Results: Out of all, 7 patients died during the study period and 53 patients were included in the final analysis. The mean total St.George’s Respiratory Questionnaire (SGRQ) scores at 3, 6 and 12 months improved to 53.73±13.2, 53.97±13.22 and 54.63±13.16, respectively, from a baseline score of 72.51±8.88. At the end of 12 months of LTOT, 22 (41.51%) patients did not have exacerbations and 31 (58.49%) patients had exacerbations. There was no statistically significant improvement in dyspnoea after one year of LTOT. Among the 53 patients, who completed one year follow-up, 36 (67.92%) participants were adherent and remaining 17 (32.07%) participants were non adherent to LTOT.

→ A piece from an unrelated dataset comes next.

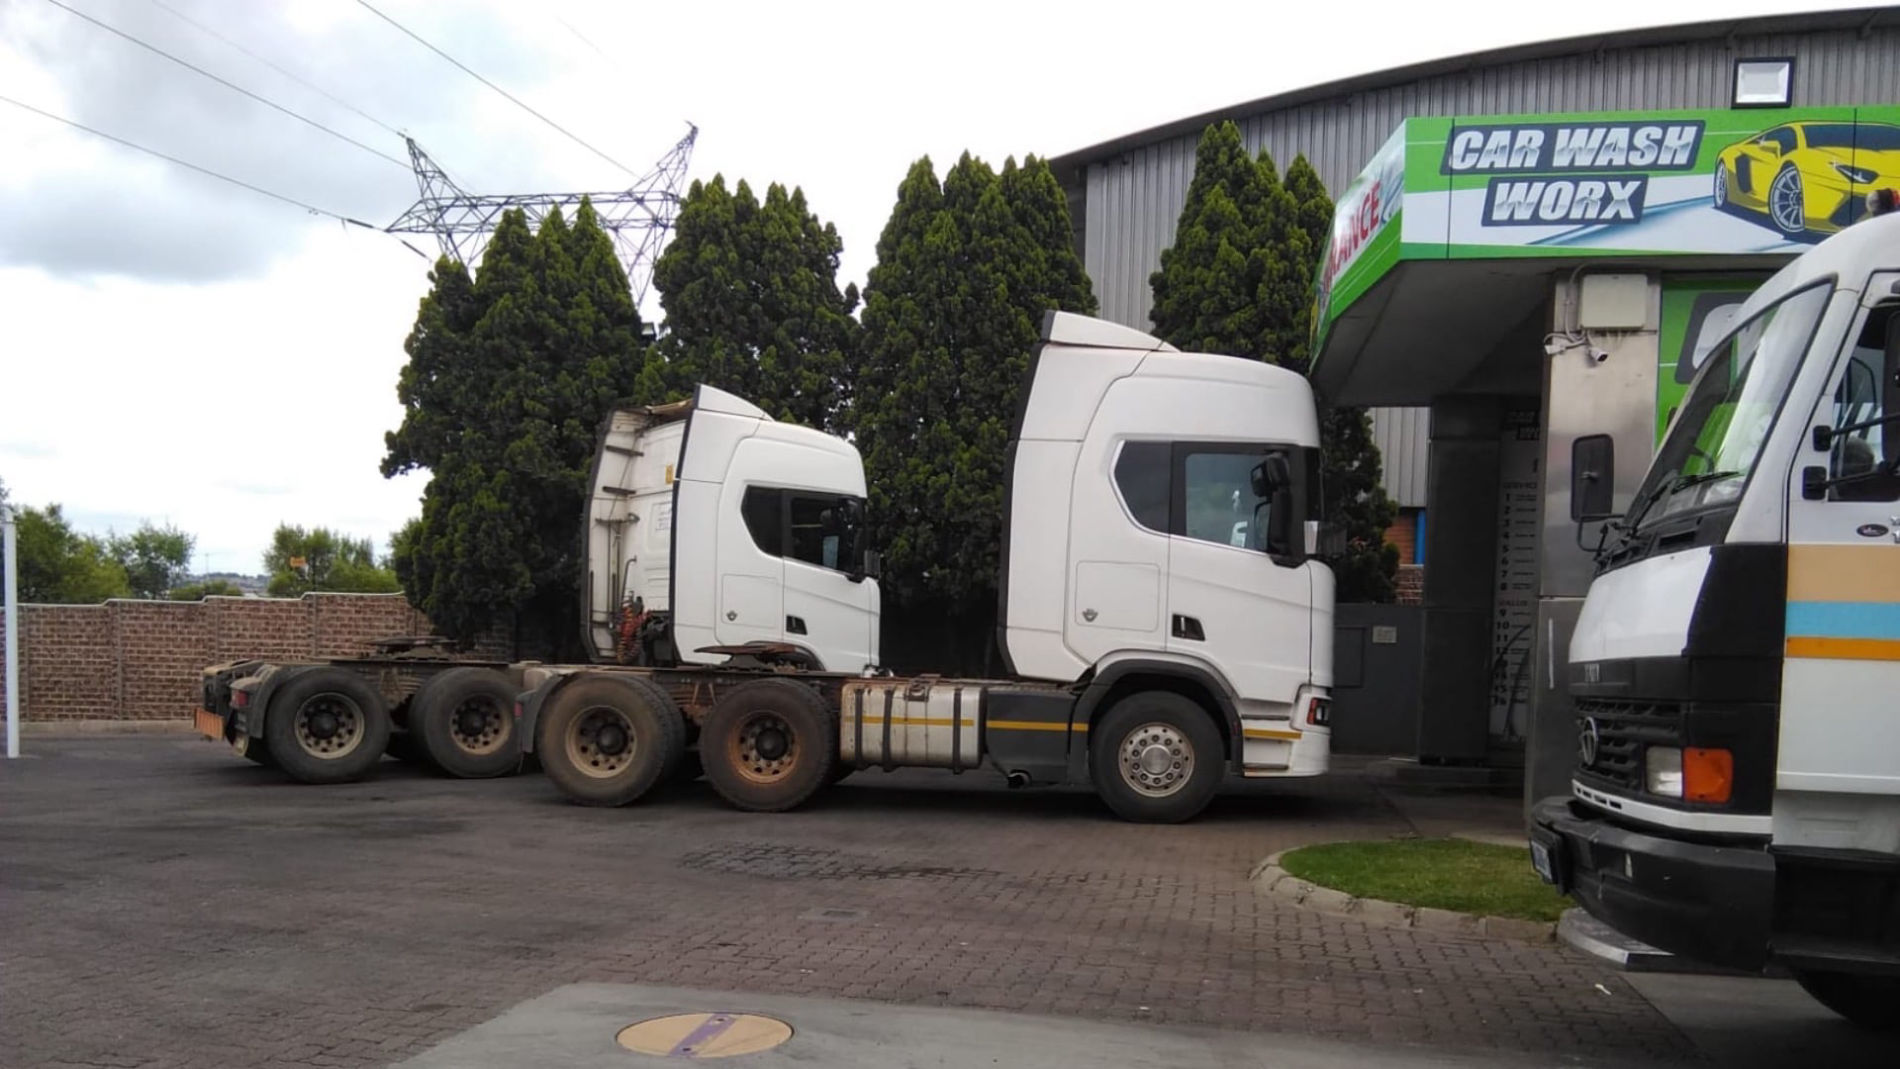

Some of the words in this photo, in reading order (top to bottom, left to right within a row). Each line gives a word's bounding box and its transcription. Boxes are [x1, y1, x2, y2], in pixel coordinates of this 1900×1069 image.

[1450, 129, 1545, 170] CAR
[1552, 126, 1698, 168] WASH
[1491, 180, 1642, 221] WORX

Conclusion: The LTOT improves the HRQoL in stable COPD patients with severe hypoxemia. Use of domiciliary oxygen for atleast 15 hours per day can reduce the number of COPD exacerbations.

Keywords

Adherence, Exacerbation, Quality of life

Long-Term Oxygen Therapy (LTOT), defined as oxygen use for atleast 15 hours per day in chronically hypoxemic patients, is the cornerstone of treatment in stable COPD patients with severe resting hypoxemia. Severe hypoxemia is defined as meeting either of the following criteria: 1) PaO2≤55 mmHg or oxygen saturation as measured by pulse oximetry (SpO2)≤88%, with or without hypercapnia; or 2) PaO2=56-59 mmHg or SpO2=89% along with one of the following- peripheral oedema, polycythemia (haematocrit ≥ 55%), or P pulmonale (1). LTOT use in hypercapnic respiratory patients with COPD does not lead to increased morbidity or mortality. Assessment of need for LTOT has to be done when the patient is clinically stable and free from exacerbations, i.e., clinical and arterial blood gas assessments are to be done on two occasions, atleast three weeks apart (2).

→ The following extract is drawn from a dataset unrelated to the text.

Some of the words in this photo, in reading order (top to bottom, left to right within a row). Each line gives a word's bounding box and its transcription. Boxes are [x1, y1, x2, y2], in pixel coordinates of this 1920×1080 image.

The beneficial effects of LTOT in COPD are manifold. In addition to a clear survival benefit, LTOT improves exercise capacity, pulmonary haemodynamics and secondary polycythemia. It has the potential to improve neuropsychological function and sleep quality (3),(4),(5). The two landmark studies on LTOT, Nocturnal Oxygen Therapy Trial (NOTT) and British Medical Research Council (BMRC) trial have demonstrated a clear survival benefit in severely hypoxemic COPD patients on LTOT [6,7]. The NOTT also concluded that those patients with severely impaired QoL and brain dysfunction were most likely to benefit from oxygen therapy.

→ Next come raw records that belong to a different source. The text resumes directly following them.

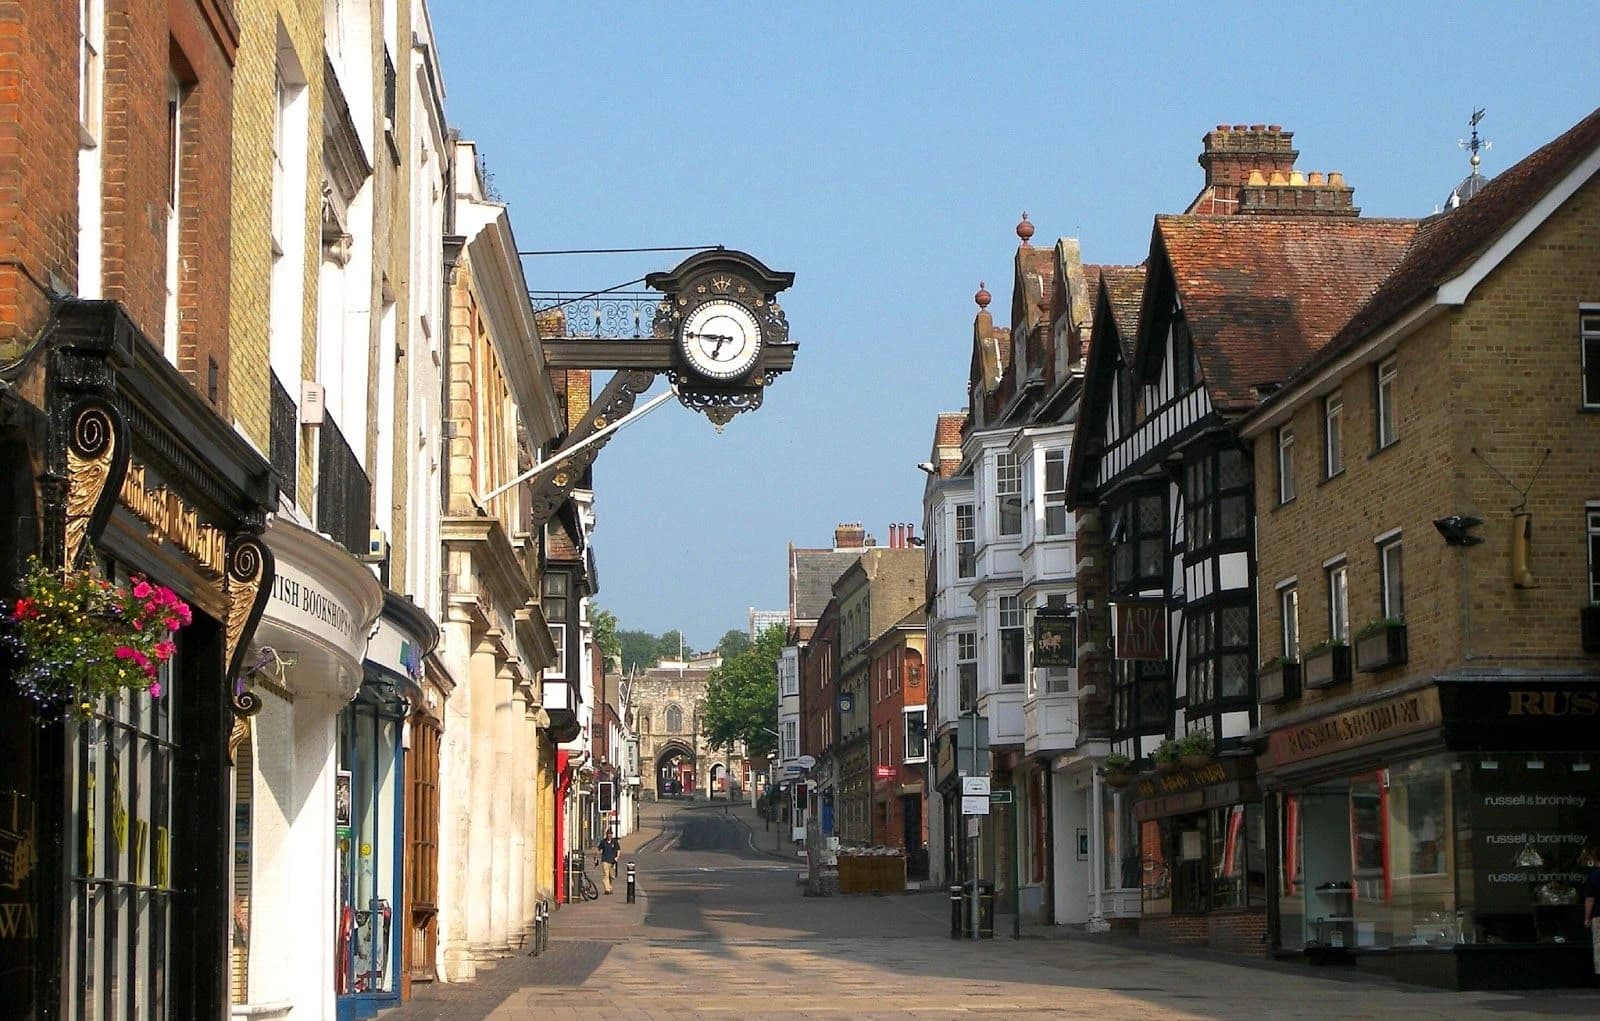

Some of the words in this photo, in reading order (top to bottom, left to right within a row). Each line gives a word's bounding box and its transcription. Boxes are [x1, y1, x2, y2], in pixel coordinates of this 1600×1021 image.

[1123, 607, 1161, 656] ASK
[1507, 691, 1599, 716] RUS
[1484, 794, 1525, 805] russell
[1527, 796, 1535, 805] &
[1536, 794, 1587, 807] bromley
[1486, 832, 1526, 844] russell
[1528, 834, 1535, 844] &
[1537, 832, 1588, 845] bromley
[1488, 872, 1527, 882] russell

There are only a few longitudinal studies that have studied the impact of LTOT on the HRQoL in COPD patients with severe hypoxemia, possibly due to the ethical issues in obtaining a placebo control group as well as the logistic difficulties of long-term studies (8),(9). Limited studies have been done in the Indian setting to assess the effect of LTOT in COPD patients with chronic respiratory failure. A retrospective study by Karthikeyan G et al., assessed the reduction in pulmonary artery systolic pressure with LTOT in 41 patients who had pulmonary hypertension due to chronic lung disease and found that response was better with post tuberculosis obstructive airway disease and interstitial lung diseases than with COPD. However, QoL assessment was not done in that particular study (10).

The present study was carried out to assess the effect of long-term domiciliary oxygen therapy on the QoL, grade of dyspnoea and frequency of exacerbations in stable COPD patients with severe resting hypoxemia. Adherence to LTOT and factors responsible for poor adherence were also studied.

Material and Methods

This was a prospective observational clinical study conducted in a tertiary care teaching hospital in Kozhikode, Kerala, India from January 2019 to September 2020. Institutional Ethics Committee clearance was obtained from hospital (GMCKKD/RP2019/IEC65) and written informed consent from all patients.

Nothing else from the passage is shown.